Leeson was at a friend’s house swimming with her five-year-old son, Adam, his brothers and sister, and other friends when she suddenly realized he wasn’t playing underwater but screaming for her to help. Adam was pulled from the pool where a family friend immediately began CPR. “This is happening,” Leeson wrote. “My funny, silly, sweet, handsome, artistic, thoughtful little blondie was dead.”
She continued: “My son drowned 3 days ago. His limp, gray, lifeless body was pulled from the pool and it was every mother’s worst nightmare. He was dead. I heard screaming, and after a minute realized the screaming was coming from me.”
Leeson said as CPR continued that she thought about her other kids and what Adam’s death would do to them. “I thought about his twin brother and how could his life go on without his twin. I saw my 10-year-old son, hysterically sobbing, in his bright blue swim trunks, his beautiful tan skin glistening with pool water still,” she wrote. “His life ruined because he just watched his brother die, drowned in the same pool where he was playing. I saw my sassy little 3-year-old daughter, in her pink unicorn and rainbow suit, just watching me, confused.”

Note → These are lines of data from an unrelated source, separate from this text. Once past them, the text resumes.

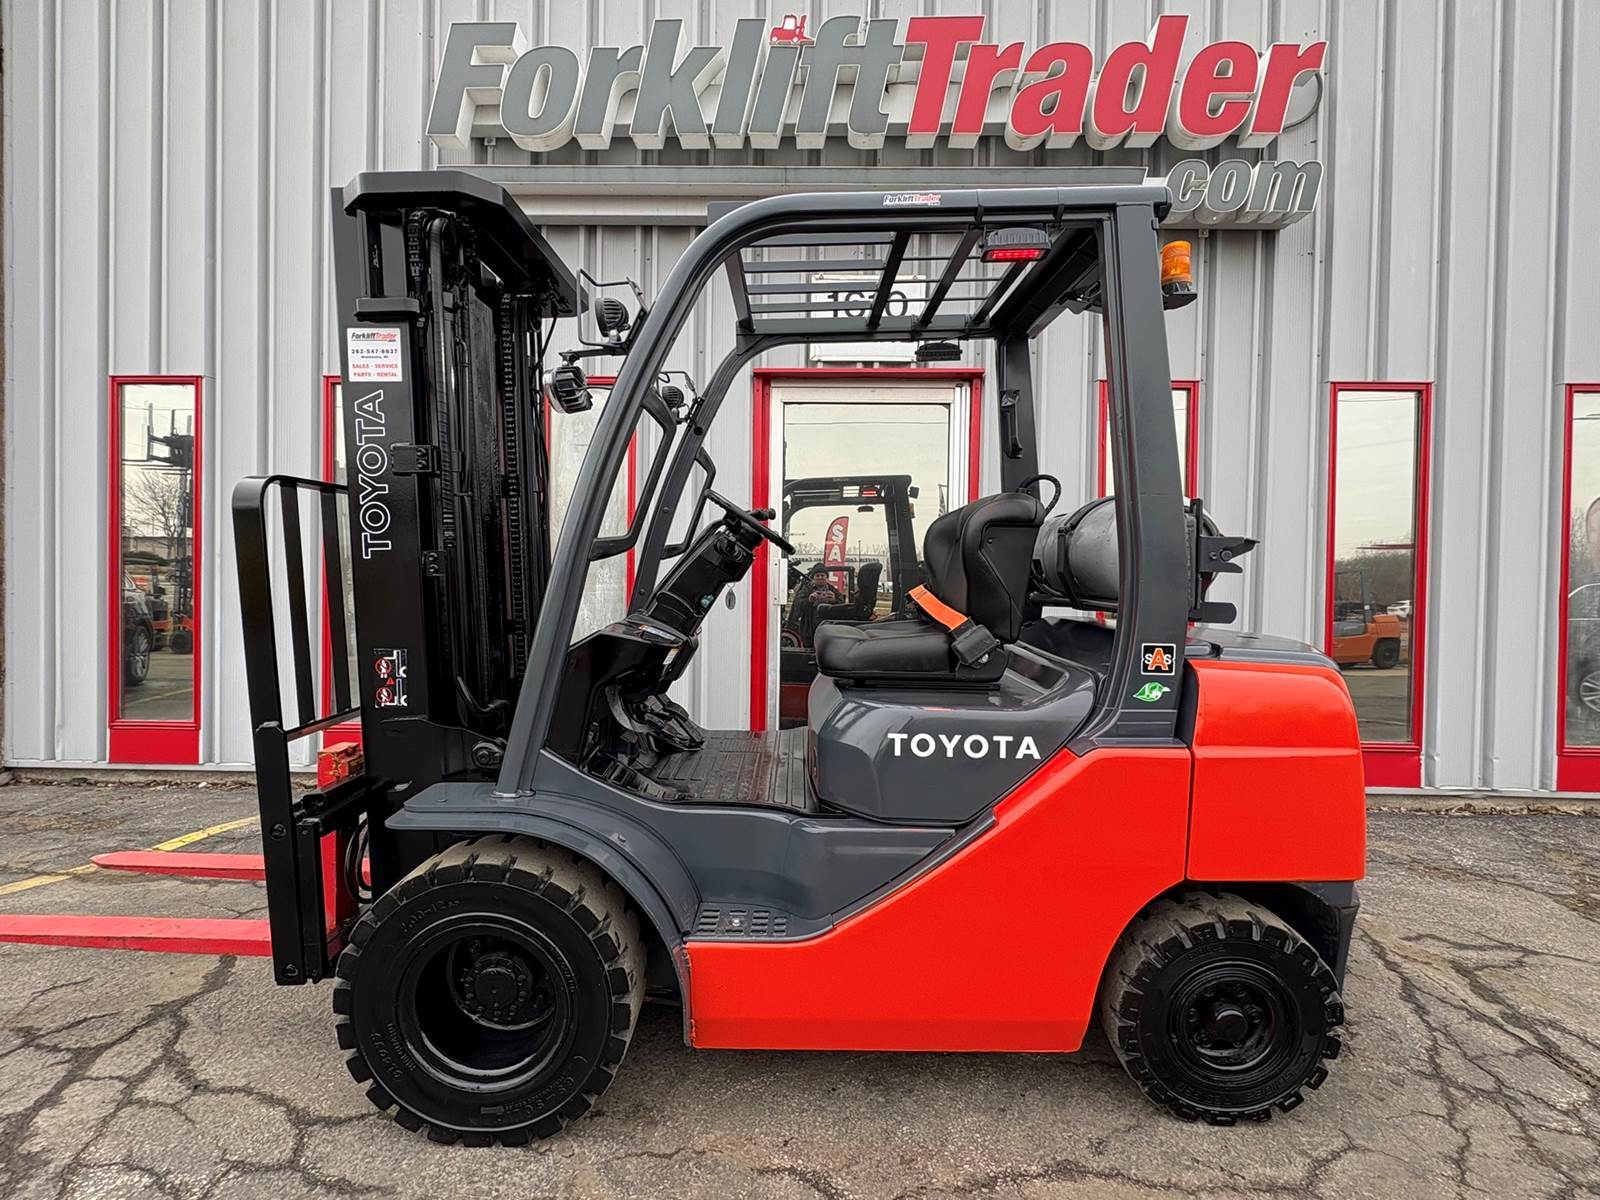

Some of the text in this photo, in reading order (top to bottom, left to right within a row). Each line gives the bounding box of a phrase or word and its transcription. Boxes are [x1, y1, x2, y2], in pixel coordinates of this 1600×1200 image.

[424, 14, 1329, 137] ForkliftTrader
[827, 289, 909, 318] 160
[354, 389, 393, 560] TOYOTA
[828, 524, 844, 590] SAL
[1144, 647, 1173, 671] SAS
[887, 732, 1042, 760] TOYOTA

According to the CDC, from 2005-2014, there were an average of 3,536 fatal unintentional drownings (non-boating related) annually in the United States — about ten deaths per day.
Leeson said she’s not sure how long CPR was administered as they waited for the ambulance to arrive but eventually it worked and Adam began to vomit and breathe. “My friend kept working, I kept talking. He started to try to open his eyes and another round of exclamation occured.”
Eventually, they made it to the hospital where Adam was in the ICU for three days recovering. “He is sitting beside me in bed right now playing with a stuffed puppy a friend brought to him and watching Captain Underpants for the 70th time,” Leeson wrote. “He’s off all oxygen. He will very likely come home with me today. Home with me 3 days after drowning, home to live happily with his family instead of us burying him today.”
Leeson said the reason for sharing her story was to highlight just how quickly someone can drown, even when people are all around them. “This happened in a pool full of people. A pool full of ADULTS,” she wrote. “I’ve read so many stories about kids slipping away from their parents and getting into a pool, to be found drowned shortly later. I’ve never considered the possibility that my child could drown right in front of people who were watching him bob up and down from the bottom of the pool to just below the surface, but didn’t think he was struggling because he looked like he was PLAYING.”
She also shared that Adam’s drowning was “100% preventable,” and that she felt that Adam was fine in the shallow end where she left him to attend to her daughter and knowing there were several other adults in the pool at the time and she was right next to the pool. But anyone with kids knows just how quickly things can change — in a split second — everything can change.
“He said he slipped off the edge. Based on where he was in the shallow end, and where we found him, he means the ledge from the shallow to the deep end,” Leeson said. “He said he kept going to the bottom then to the top and tried to yell ‘Mommy!’ It kills me to hear that. It kills me to know that his last thoughts were that mommy didn’t come for him.”
Leeson is urging parents to read and share her story in the hopes it prevents another family from going through what they went through. “KNOW THE SIGNS OF STRUGGLE! Adam didn’t look like he was struggling! He wasn’t splashing, thrashing, or screaming,” she said. “And I’m sharing to hopefully spread drowning awareness…Please take water safety seriously. I never thought this would be me.”